* **WHAT TO PRODUCE**
Your copy should match the records exactly, except that it contains no pictures.

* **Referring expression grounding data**
********************
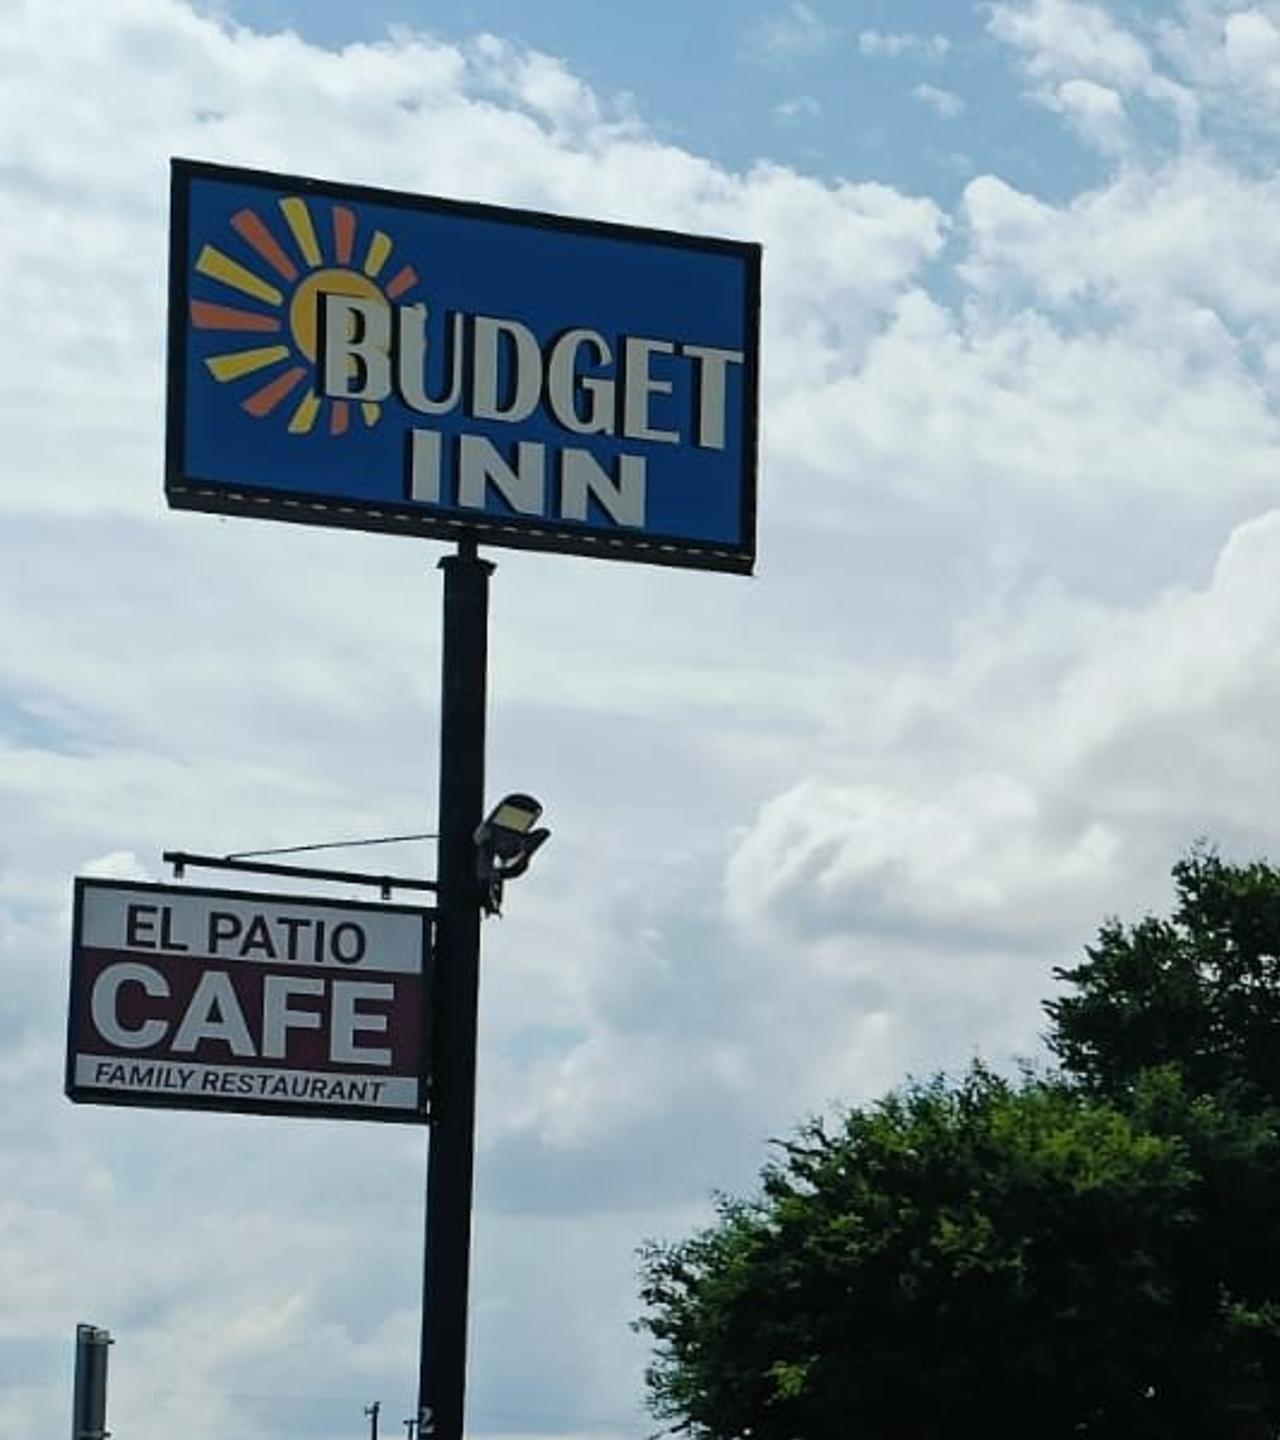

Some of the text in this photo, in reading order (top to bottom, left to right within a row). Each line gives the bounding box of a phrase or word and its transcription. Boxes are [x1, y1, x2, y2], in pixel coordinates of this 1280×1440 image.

[323, 293, 744, 451] BUDGET
[411, 429, 646, 528] INN
[126, 904, 366, 964] EL PATIO
[91, 962, 394, 1066] CAFE
[95, 1063, 385, 1102] FAMILY RESTAURANT
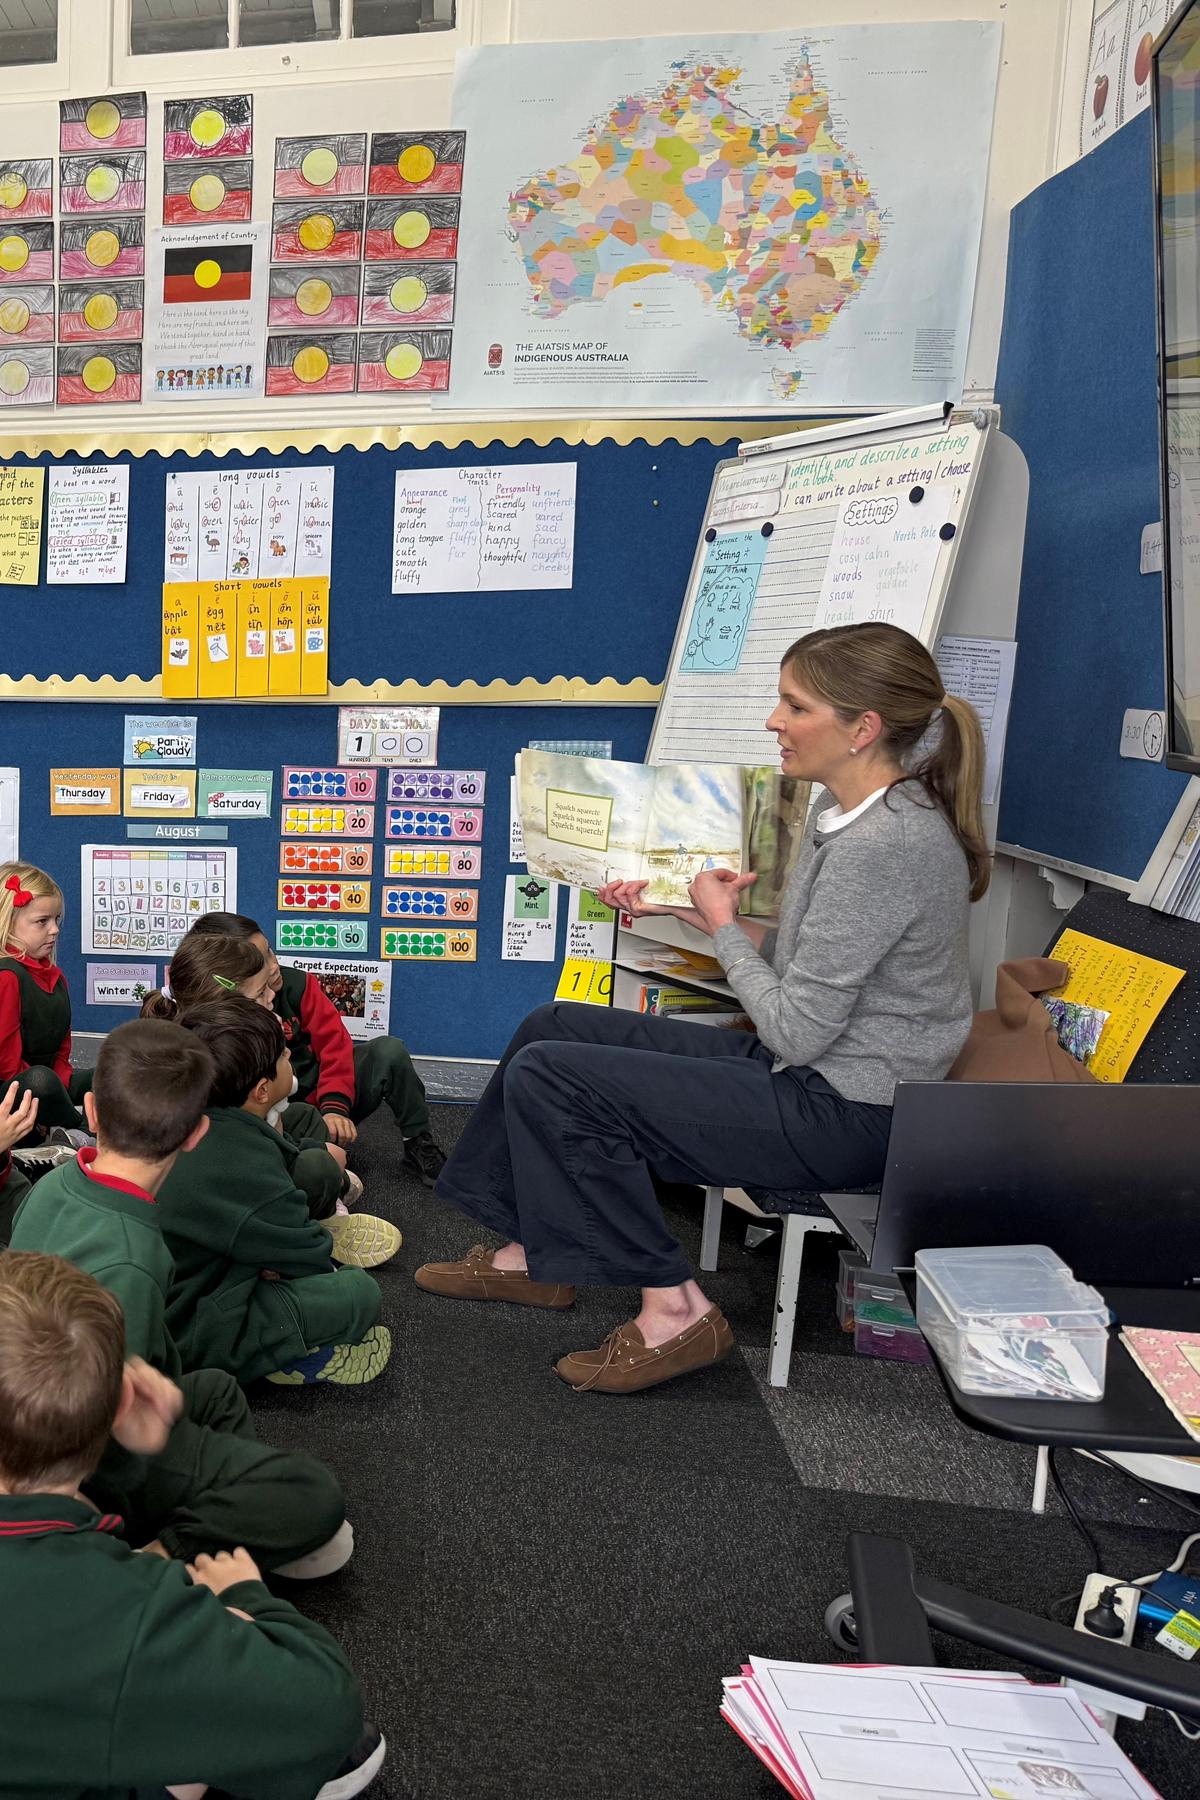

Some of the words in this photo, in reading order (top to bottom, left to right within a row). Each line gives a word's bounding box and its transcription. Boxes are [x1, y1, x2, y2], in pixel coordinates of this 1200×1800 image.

[161, 233, 219, 243] Acknowledgement
[231, 232, 258, 240] Country
[516, 343, 533, 351] THE
[535, 343, 570, 351] AIATSIS
[573, 342, 594, 350] MAP
[595, 342, 608, 350] OF
[514, 354, 573, 363] INDIGENOUS
[575, 354, 629, 362] AUSTRALIA
[790, 455, 830, 478] identify
[834, 452, 858, 469] and
[860, 441, 908, 466] describe
[910, 447, 918, 458] a
[925, 434, 970, 455] setting
[72, 467, 108, 476] Syllables
[219, 473, 239, 484] long
[247, 470, 280, 479] vowels
[459, 469, 502, 480] Character
[7, 480, 16, 491] of
[20, 480, 34, 488] the
[497, 484, 541, 495] Personality
[789, 479, 798, 490] in
[803, 479, 810, 487] a
[795, 494, 812, 505] can
[817, 485, 844, 502] write
[849, 479, 880, 495] about
[887, 476, 893, 485] a
[897, 469, 931, 485] setting
[400, 488, 448, 497] Appearance
[400, 507, 427, 518] orange
[486, 499, 525, 515] friendly
[0, 514, 9, 522] the
[487, 510, 517, 519] scared
[848, 503, 894, 523] Settings
[397, 520, 426, 533] golden
[488, 523, 511, 532] kind
[893, 527, 916, 542] North
[921, 525, 936, 539] Pole
[396, 535, 415, 547] long
[419, 535, 444, 547] tongue
[485, 535, 520, 549] happy
[20, 551, 30, 559] you
[396, 548, 417, 556] cute
[715, 550, 741, 563] Setting
[395, 558, 427, 567] smooth
[484, 552, 527, 565] thoughtful
[394, 569, 421, 585] fluffy
[833, 567, 862, 582] woods
[253, 581, 282, 589] vowels
[829, 590, 854, 601] snow
[157, 746, 191, 757] Cloudy
[355, 783, 366, 792] 10
[460, 784, 476, 794] 60
[60, 788, 105, 799] Thursday
[143, 792, 175, 803] Friday
[213, 799, 261, 809] Saturday
[351, 819, 366, 829] 20
[459, 822, 473, 832] 70
[551, 819, 574, 830] Squelch
[576, 826, 604, 836] squerch!
[155, 825, 200, 838] August
[350, 855, 364, 866] 30
[457, 859, 472, 870] 80
[347, 894, 362, 904] 40
[454, 901, 469, 912] 90
[587, 910, 605, 918] Green
[345, 932, 360, 944] 50
[451, 941, 469, 952] 100
[293, 960, 322, 971] Carpet
[324, 962, 378, 974] Expectations
[97, 986, 131, 996] Winter
********************
* **YOUR RESPONSE**
Some of the text in this photo, in reading order (top to bottom, left to right within a row). Each line gives the bounding box of a phrase or word and its transcription. Boxes are [x1, y1, x2, y2], in pixel coordinates of this 1280×1440 image.

[323, 293, 744, 451] BUDGET
[411, 429, 646, 528] INN
[126, 904, 366, 964] EL PATIO
[91, 962, 394, 1066] CAFE
[95, 1063, 385, 1102] FAMILY RESTAURANT

Some of the words in this photo, in reading order (top to bottom, left to right within a row). Each line gives a word's bounding box and its transcription. Boxes are [x1, y1, x2, y2], in pixel coordinates of this 1200×1800 image.

[161, 233, 219, 243] Acknowledgement
[231, 232, 258, 240] Country
[516, 343, 533, 351] THE
[535, 343, 570, 351] AIATSIS
[573, 342, 594, 350] MAP
[595, 342, 608, 350] OF
[514, 354, 573, 363] INDIGENOUS
[575, 354, 629, 362] AUSTRALIA
[790, 455, 830, 478] identify
[834, 452, 858, 469] and
[860, 441, 908, 466] describe
[910, 447, 918, 458] a
[925, 434, 970, 455] setting
[72, 467, 108, 476] Syllables
[219, 473, 239, 484] long
[247, 470, 280, 479] vowels
[459, 469, 502, 480] Character
[7, 480, 16, 491] of
[20, 480, 34, 488] the
[497, 484, 541, 495] Personality
[789, 479, 798, 490] in
[803, 479, 810, 487] a
[795, 494, 812, 505] can
[817, 485, 844, 502] write
[849, 479, 880, 495] about
[887, 476, 893, 485] a
[897, 469, 931, 485] setting
[400, 488, 448, 497] Appearance
[400, 507, 427, 518] orange
[486, 499, 525, 515] friendly
[0, 514, 9, 522] the
[487, 510, 517, 519] scared
[848, 503, 894, 523] Settings
[397, 520, 426, 533] golden
[488, 523, 511, 532] kind
[893, 527, 916, 542] North
[921, 525, 936, 539] Pole
[396, 535, 415, 547] long
[419, 535, 444, 547] tongue
[485, 535, 520, 549] happy
[20, 551, 30, 559] you
[396, 548, 417, 556] cute
[715, 550, 741, 563] Setting
[395, 558, 427, 567] smooth
[484, 552, 527, 565] thoughtful
[394, 569, 421, 585] fluffy
[833, 567, 862, 582] woods
[253, 581, 282, 589] vowels
[829, 590, 854, 601] snow
[157, 746, 191, 757] Cloudy
[355, 783, 366, 792] 10
[460, 784, 476, 794] 60
[60, 788, 105, 799] Thursday
[143, 792, 175, 803] Friday
[213, 799, 261, 809] Saturday
[351, 819, 366, 829] 20
[459, 822, 473, 832] 70
[551, 819, 574, 830] Squelch
[576, 826, 604, 836] squerch!
[155, 825, 200, 838] August
[350, 855, 364, 866] 30
[457, 859, 472, 870] 80
[347, 894, 362, 904] 40
[454, 901, 469, 912] 90
[587, 910, 605, 918] Green
[345, 932, 360, 944] 50
[451, 941, 469, 952] 100
[293, 960, 322, 971] Carpet
[324, 962, 378, 974] Expectations
[97, 986, 131, 996] Winter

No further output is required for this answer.